Selama proses pertemuan dengan Kemenkopolhukam, Tim Walhi Riau dan masyarakat mengetahui bahwa telah terbit Peraturan Presiden Nomor 55 Tahun 2022 tentang Pendelegasian Pemberian Perizinan Berusaha di Bidang Pertambangan Mineral dan Batubara.
Menurut Even, pihak Kementerian dalam penjelasannya mengatakan bahwa Perpres tersebut seharusnya memungkinkan Pemerintah Provinsi Riau melakukan evaluasi bahkan pencabutan terhadap perizinan tambang yang cacat hukum dan ditolak masyarakat.
Perpres 55/2022 merupakan turunan Pasal 35 ayat (4) UU Nomor 3 Tahun 2020 dan Pasal 6 ayat (5) Peraturan Pemerintah Nomor 96 Tahun 2021 tentang Pelaksanaan Kegiatan Usaha Pertambangan Mineral dan Batubara.
Berdasarkan ketentuan Pasal 2 ayat (1), (3), (5), (9) Perpres 55 Tahun 2022 disebutkan, Pemerintah Provinsi mempunyai sejumlah kewenangan. Antara lain pemberian izin komoditi mineral bukan logam, mineral bukan logam jenis tertentu, dan batuan dalam rangka penanaman modal dalam negeri yang berada dalam satu daerah provinsi atau wilayah laut sampai dengan 12 mil laut.
Kemudian kewenangan pengawasan dan pembinaan atau pemberian sanksi administratif.

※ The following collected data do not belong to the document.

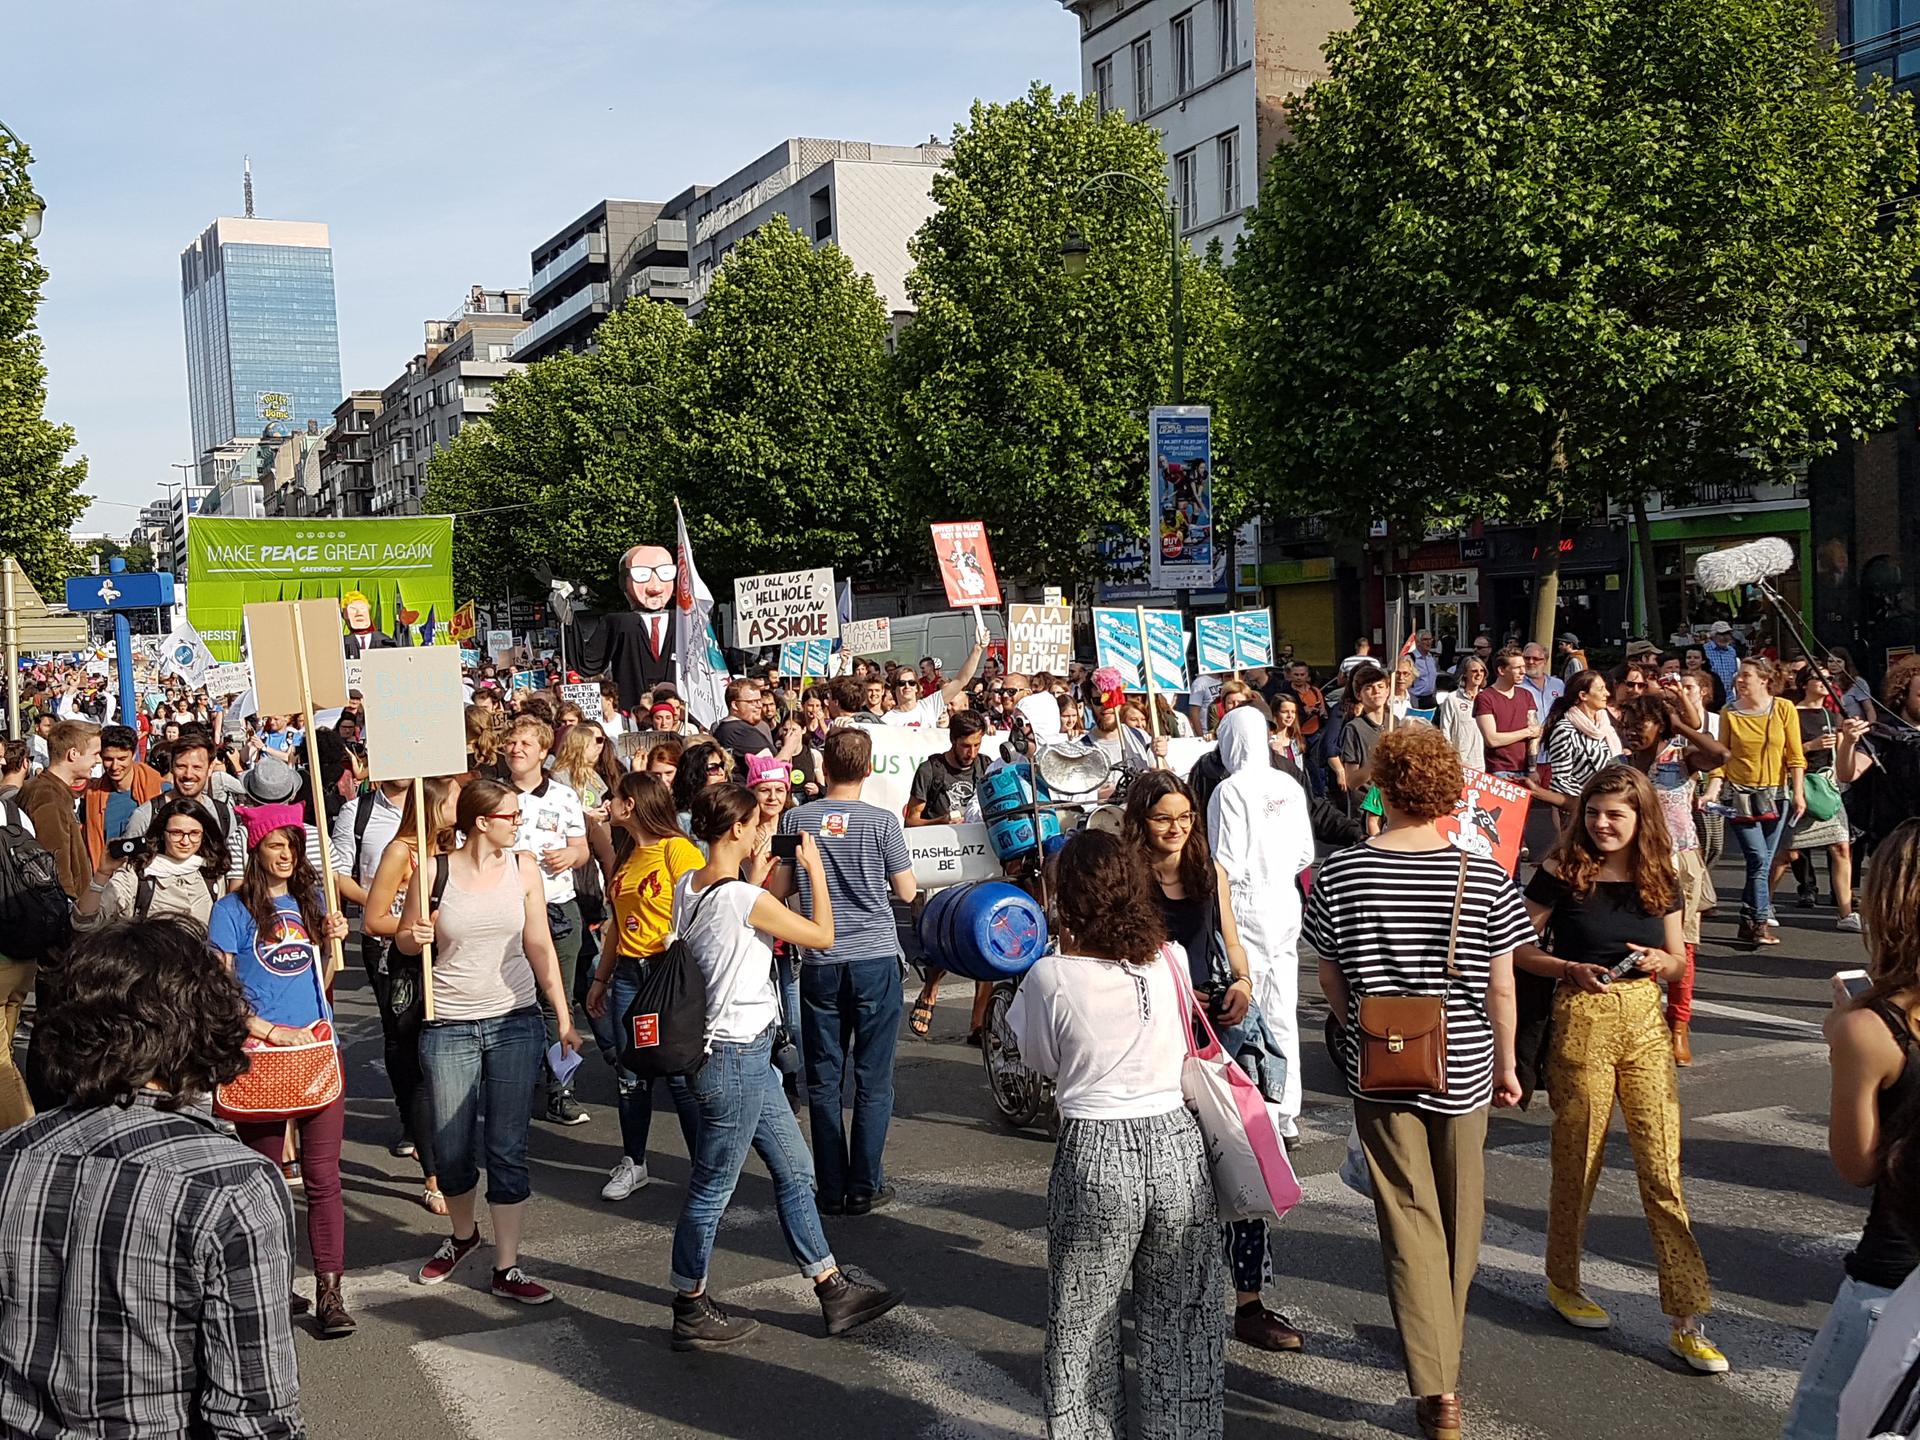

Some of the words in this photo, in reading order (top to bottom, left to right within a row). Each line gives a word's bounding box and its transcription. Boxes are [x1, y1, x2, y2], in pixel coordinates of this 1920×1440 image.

[207, 544, 255, 562] MAKE
[261, 545, 319, 562] PEACE
[324, 543, 378, 560] GREAT
[383, 543, 433, 560] AGAIN
[740, 579, 760, 594] YOU
[765, 576, 783, 587] CALL
[789, 575, 801, 583] US
[807, 573, 814, 582] A
[756, 585, 813, 606] HELLHOLE
[740, 611, 754, 620] WE
[757, 607, 780, 618] CALL
[784, 604, 805, 617] YOU
[806, 601, 824, 611] AN
[1021, 606, 1037, 623] A
[1040, 607, 1061, 624] LA
[198, 630, 238, 641] RESIST
[749, 613, 828, 645] ASSHOLE
[842, 621, 874, 633] MAKE
[1010, 620, 1071, 645] VOLONTÉ
[1028, 642, 1049, 655] DU
[1011, 653, 1067, 674] PEUPLE
[1475, 781, 1488, 791] IN
[1490, 785, 1517, 802] WAR!
[1480, 774, 1493, 784] IN
[1494, 778, 1528, 799] PEACE
[272, 950, 309, 963] NASA

"Ketentuan di atas memperlihatkan Gubernur atau Pemerintah Provinsi Riau telah mempunyai kewenangan untuk melakukan pengawasan, evaluasi hingga penjatuhan sanksi administratif terhadap keberadaan IUP PT LMU di laut bagian utara Pulau Rupat," pungkas Even. (*)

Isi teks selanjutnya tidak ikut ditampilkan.